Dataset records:
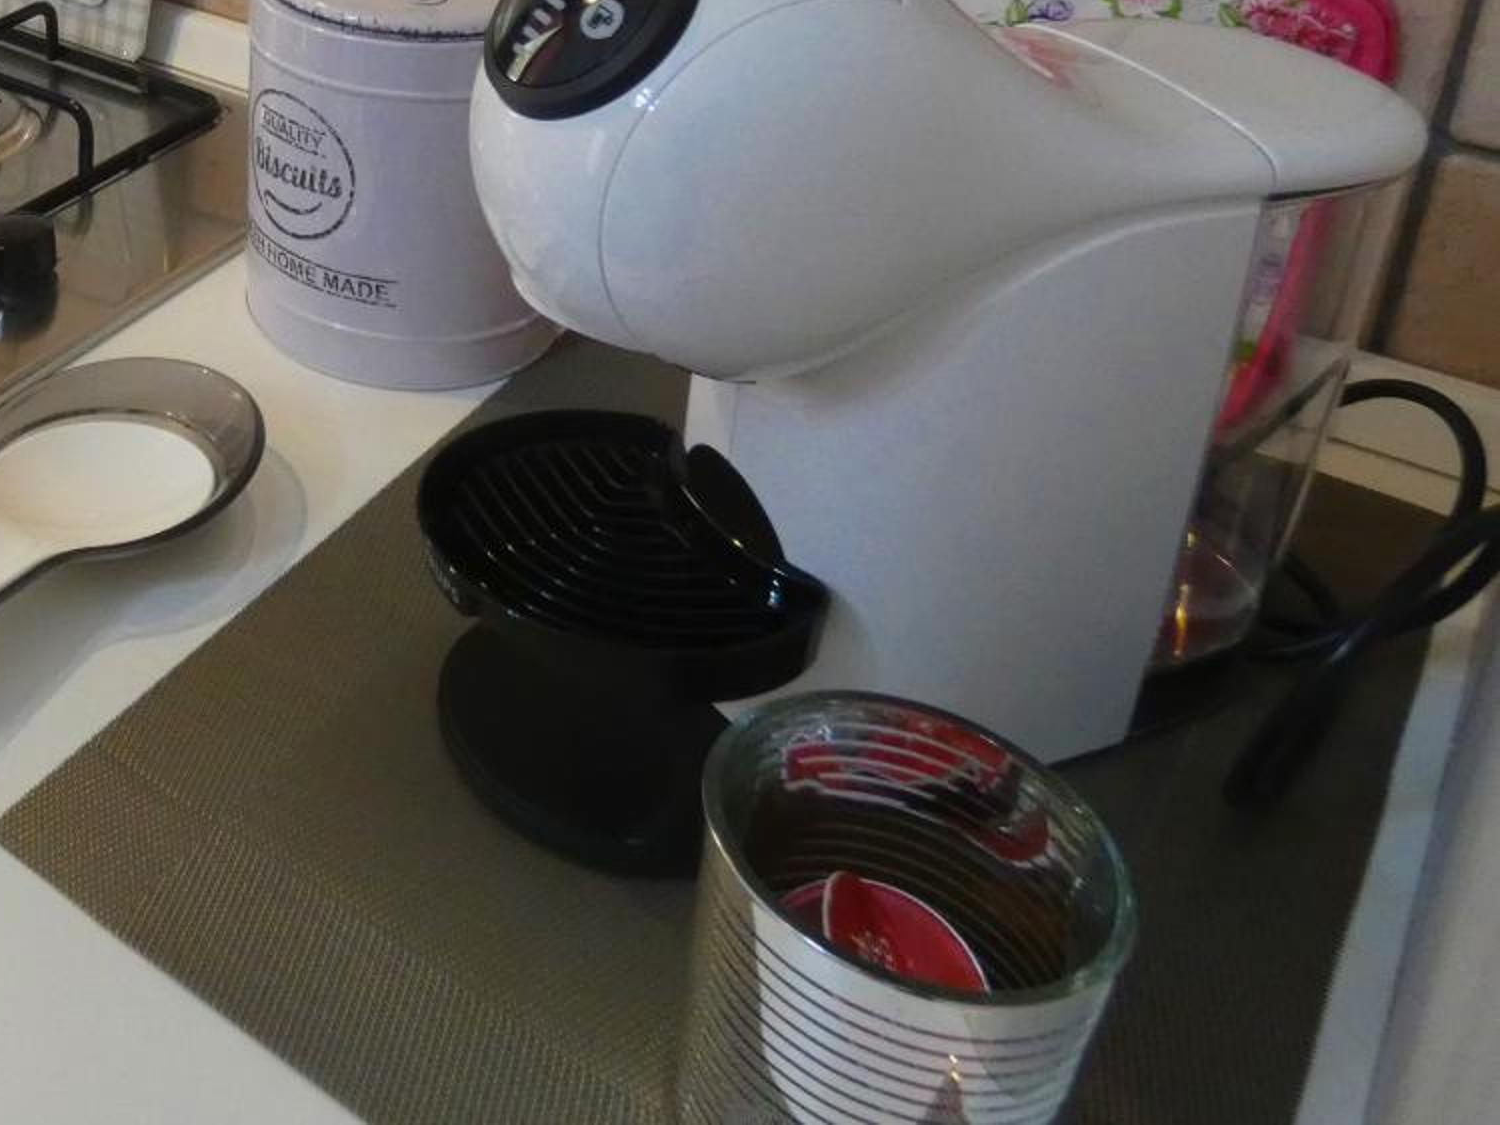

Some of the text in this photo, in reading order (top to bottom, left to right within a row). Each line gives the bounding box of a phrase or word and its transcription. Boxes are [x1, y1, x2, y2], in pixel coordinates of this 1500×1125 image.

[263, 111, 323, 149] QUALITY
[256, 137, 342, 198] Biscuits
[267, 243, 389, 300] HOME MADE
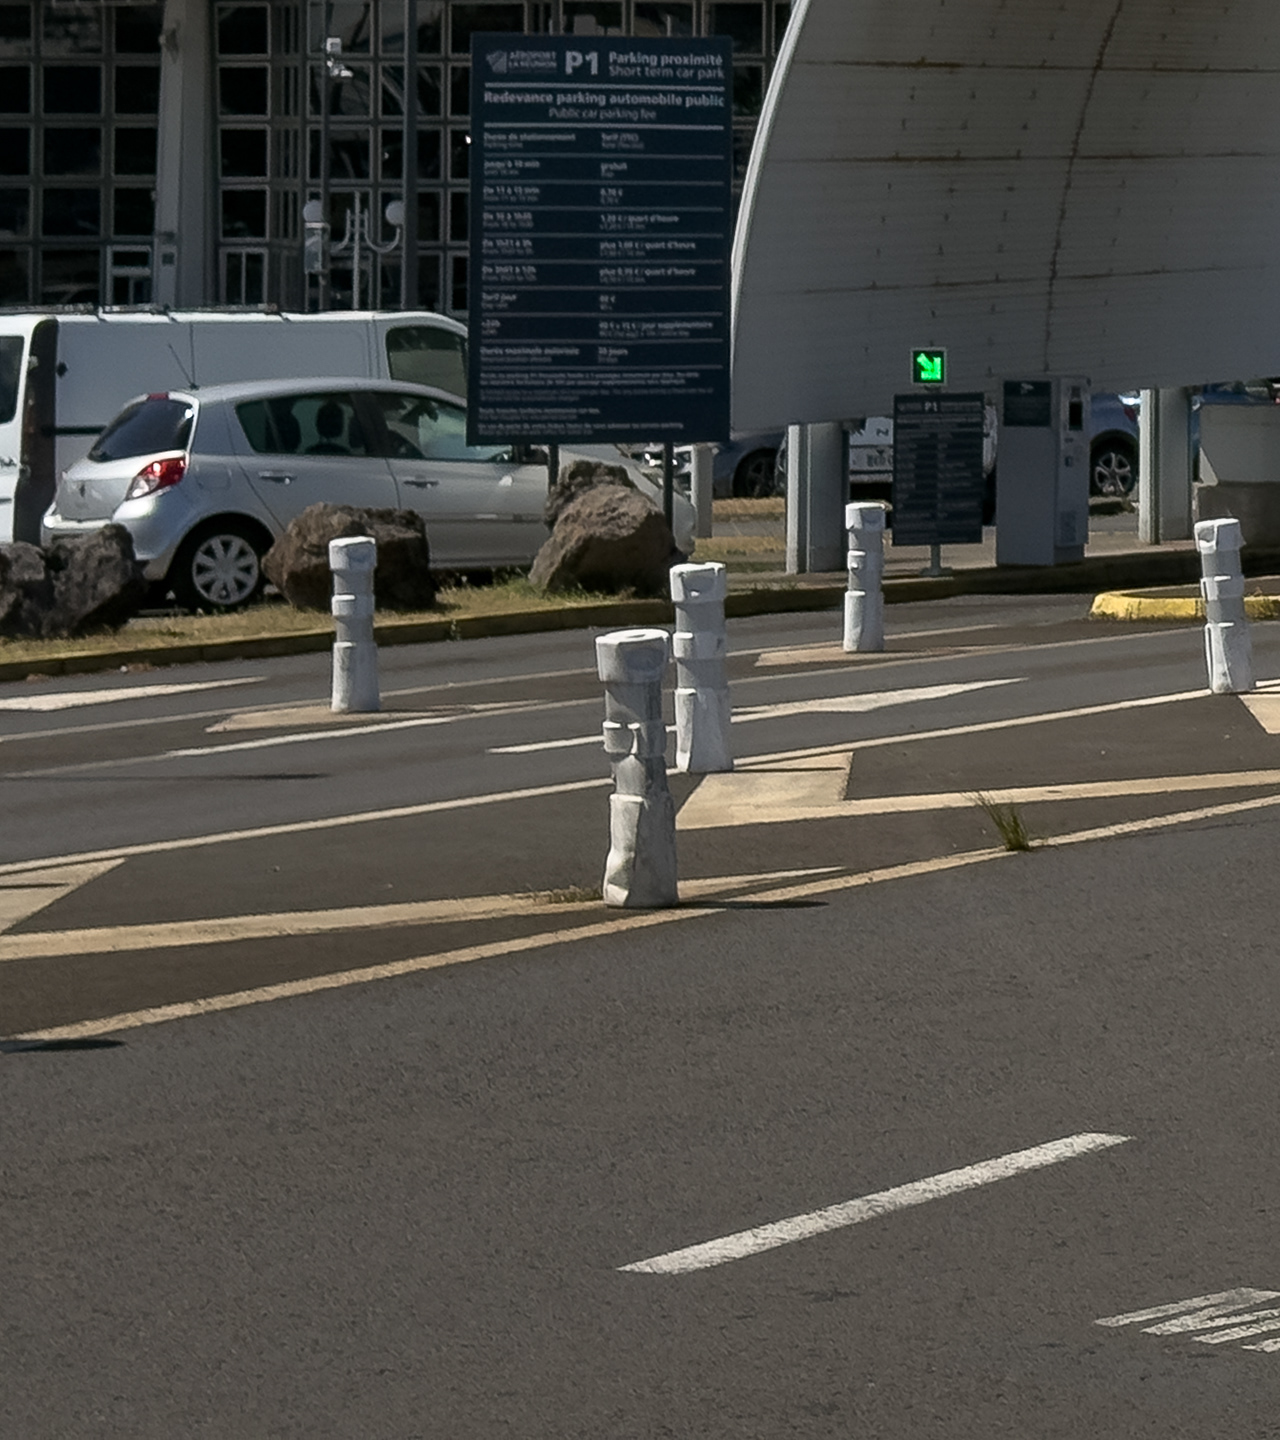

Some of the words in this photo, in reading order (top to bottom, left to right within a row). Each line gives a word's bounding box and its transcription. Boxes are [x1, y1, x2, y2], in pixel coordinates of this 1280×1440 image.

*BRIEF*:
The preceding entries are to be returned verbatim, with every picture excluded.

*FINAL ANSWER*:
Some of the text in this photo, in reading order (top to bottom, left to right within a row). Each line gives the bounding box of a phrase or word and its transcription. Boxes are [x1, y1, x2, y2], in pixel coordinates of this 1500×1125 image.

[263, 111, 323, 149] QUALITY
[256, 137, 342, 198] Biscuits
[267, 243, 389, 300] HOME MADE

Some of the words in this photo, in reading order (top to bottom, left to right within a row). Each line gives a word's bounding box and its transcription. Boxes are [x1, y1, x2, y2], in pixel coordinates of this 1280×1440 image.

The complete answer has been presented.